Following the logic of pollination, acceleration, incubation and other processes of transformation of ideas involving a community, these places have become true hubs of local innovation. Bringing together a range of actors in a spontaneous way, they’re epicenters of creativity at the scale of a territory, a city or a city center. Thus they activate local economic dynamics and combine them with the unique features of a territory, creating a genuine regenerative ecosystem.
In addition to the direct effects of economic growth, coworking spaces also have indirect impacts on land management. For example, users of these places place an emphasis on proximity between living places and work, they influence mobility and transport. They thus act against urban congestion, reducing commuting and decreasing the environmental and economic costs linked to transport.
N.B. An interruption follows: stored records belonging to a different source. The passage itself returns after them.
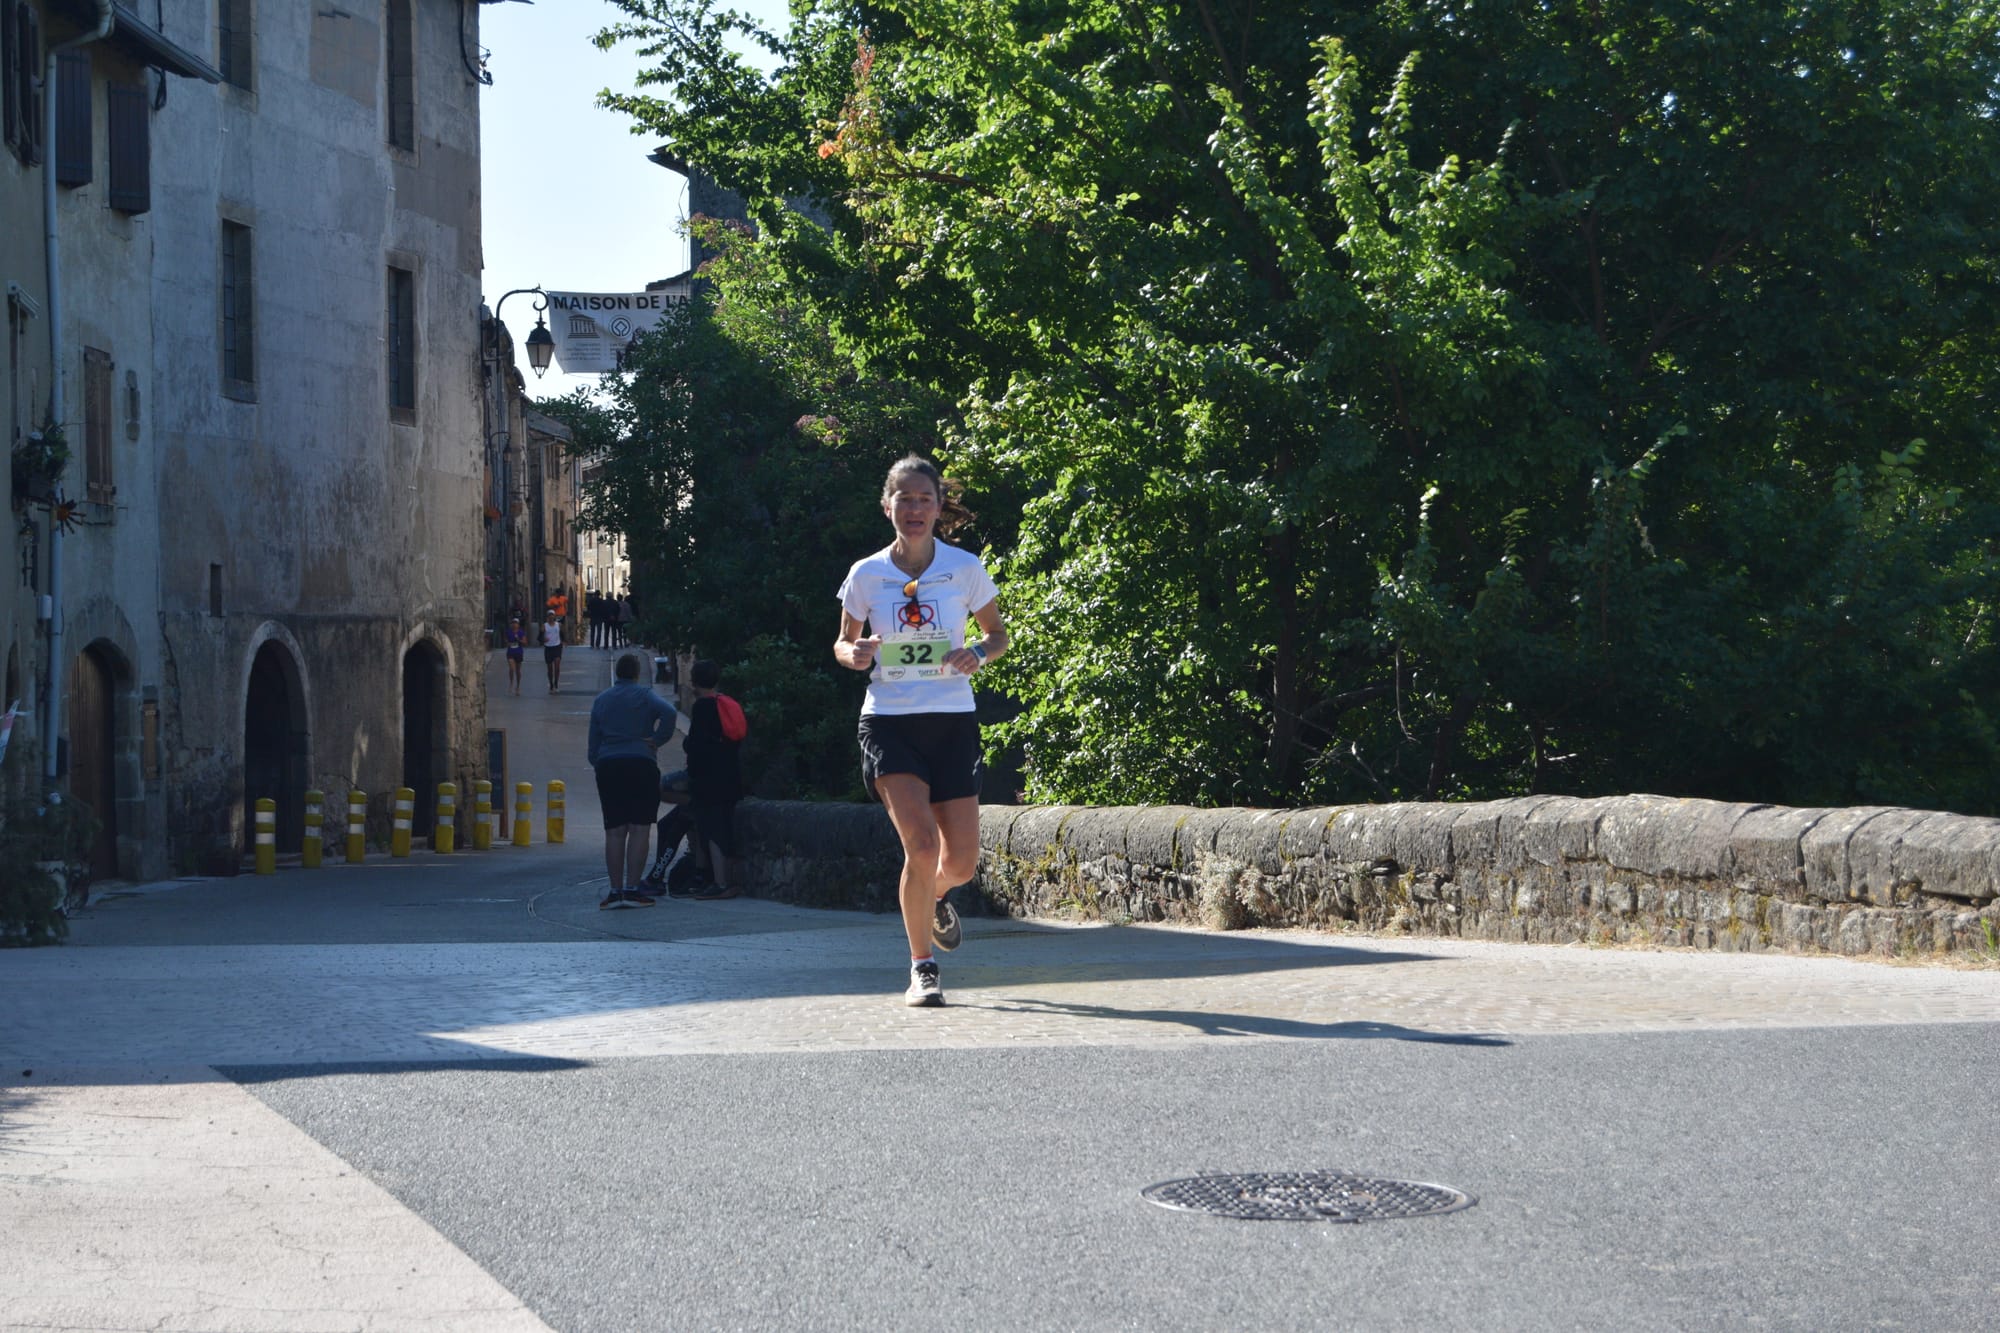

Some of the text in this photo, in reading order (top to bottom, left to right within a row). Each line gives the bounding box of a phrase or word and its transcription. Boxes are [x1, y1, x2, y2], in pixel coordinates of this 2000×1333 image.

[554, 294, 688, 310] MAISON DE L'A
[900, 644, 933, 665] 32
[652, 848, 673, 879] adidas
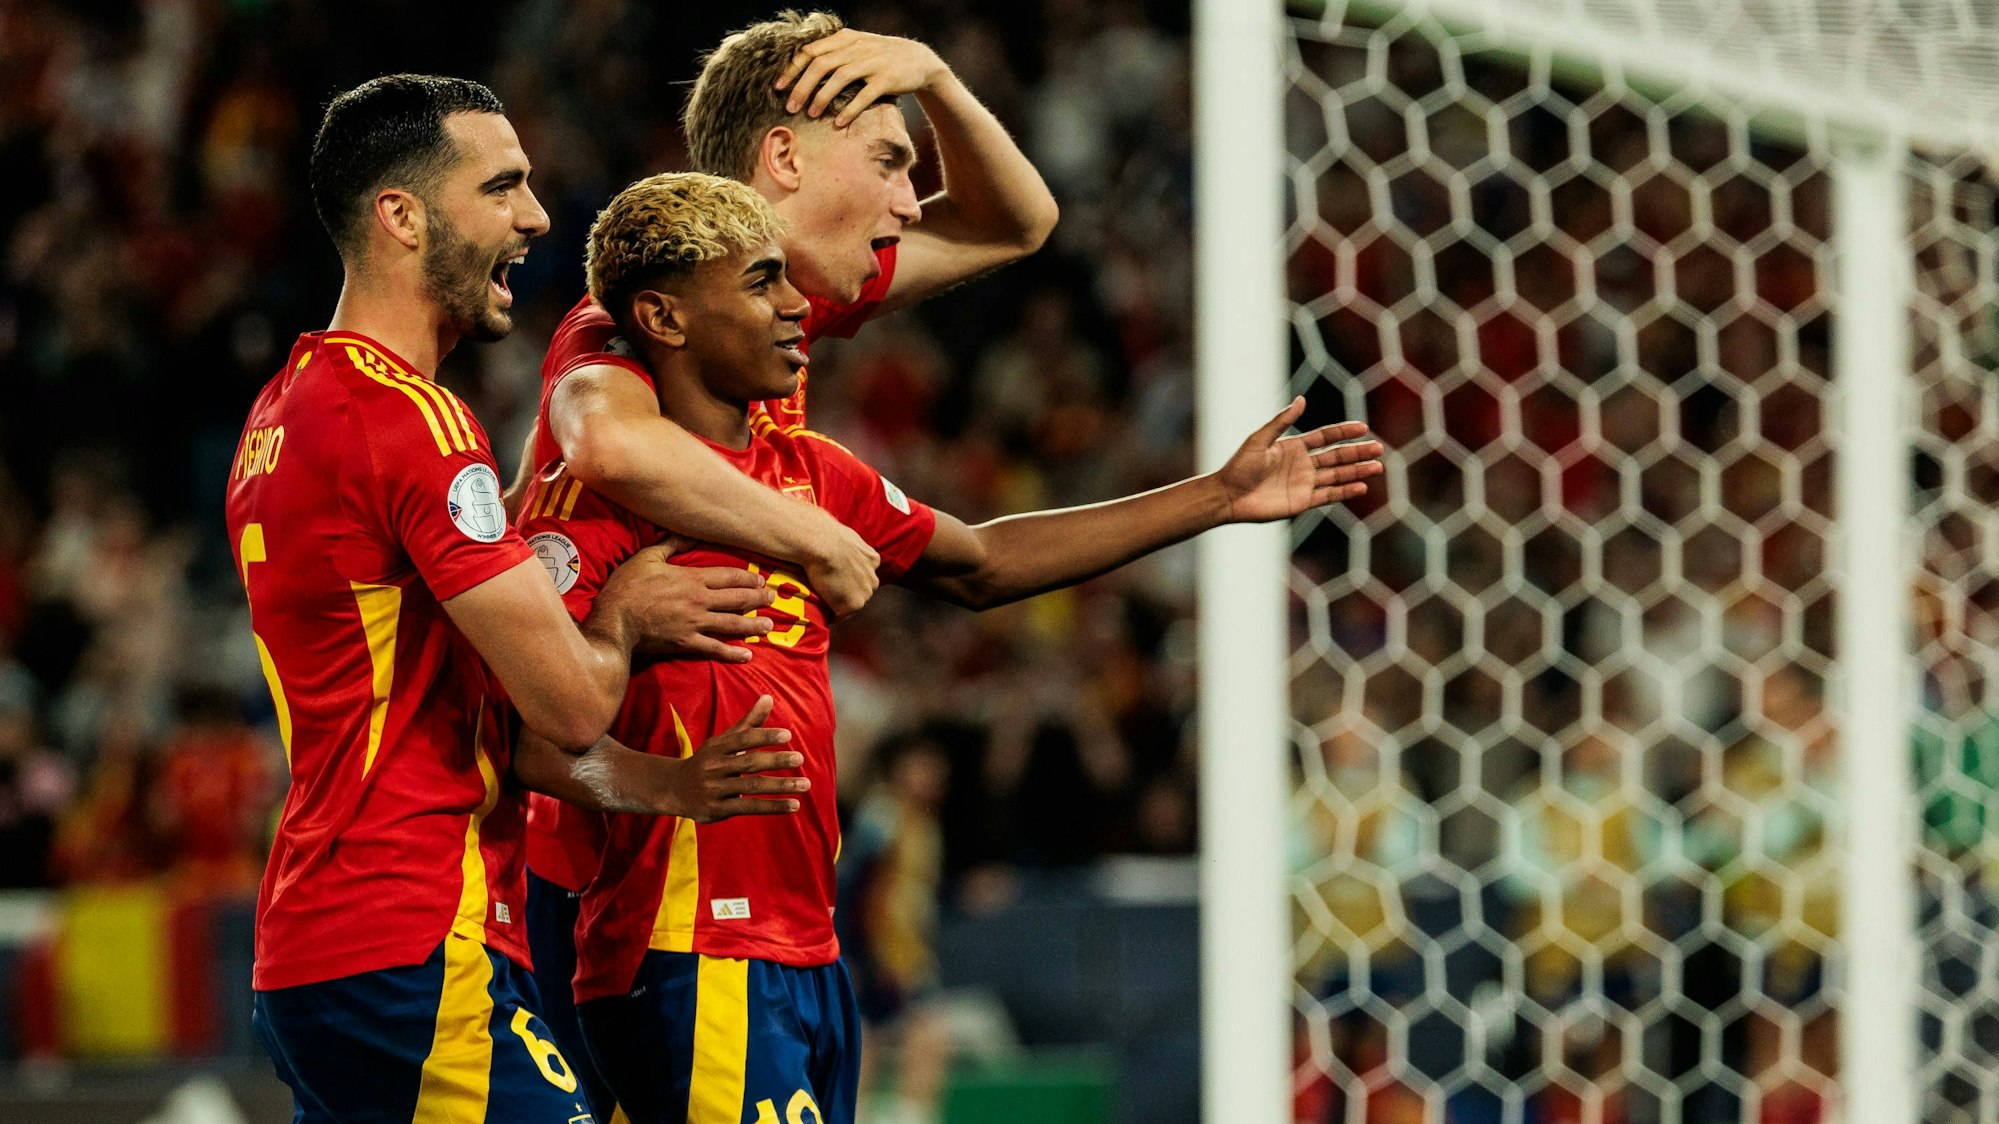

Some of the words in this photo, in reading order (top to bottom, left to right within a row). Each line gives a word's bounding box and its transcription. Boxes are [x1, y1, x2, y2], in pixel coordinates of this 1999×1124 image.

[453, 478, 463, 492] UEFA
[462, 466, 482, 479] NATIONS
[552, 534, 571, 549] LEAGUE
[510, 1007, 578, 1093] 6
These meeting and interaction points between professionals and users also contribute to restoring the wealth of a territory in its geographical coherence. By creating a concrete and driving network between the inhabitants, citizens, users, workers, who are concerned by the same issues, especially local ones, they value the territory as an integral capital, converging its strengths towards common objectives.
These third places were designed as spaces for sharing knowledge and building collective dynamics. They are built on values of sustainable development, including in terms of management and governance. Through the development of teleworking, big companies improved their employees’ working and living conditions, giving them more autonomy and making them more creative and productive. Entrepreneurs can boost their territories through related projects. Communities are inspired by this trend, seeking to revitalize declining territories through the impulse of third places in the social and public-service sectors.
Groups and stakeholders that were formerly less open are now creating links. Indeed, from the first “coworking spaces” where professionals from various sectors formed “opportunistic” partnerships (optimising the opportunities offered by the circumstances) to the new forms of innovative, social and cultural third places, real public-private-citizens partnerships are being formed. Through more or less informal places that help people meet each other, civil society and popular democracy reinvent themselves.
After 18 months of implementation, the CoWorkMed project will provide a global vision of these networks in the partner territories (France, Italy, Spain, Greece and Croatia) to promote their institutional recognition and their transnational structuring as a lever of innovation in the Mediterranean. Through the study of new models, it will provide the basis for the creation of a Mediterranean coworking network.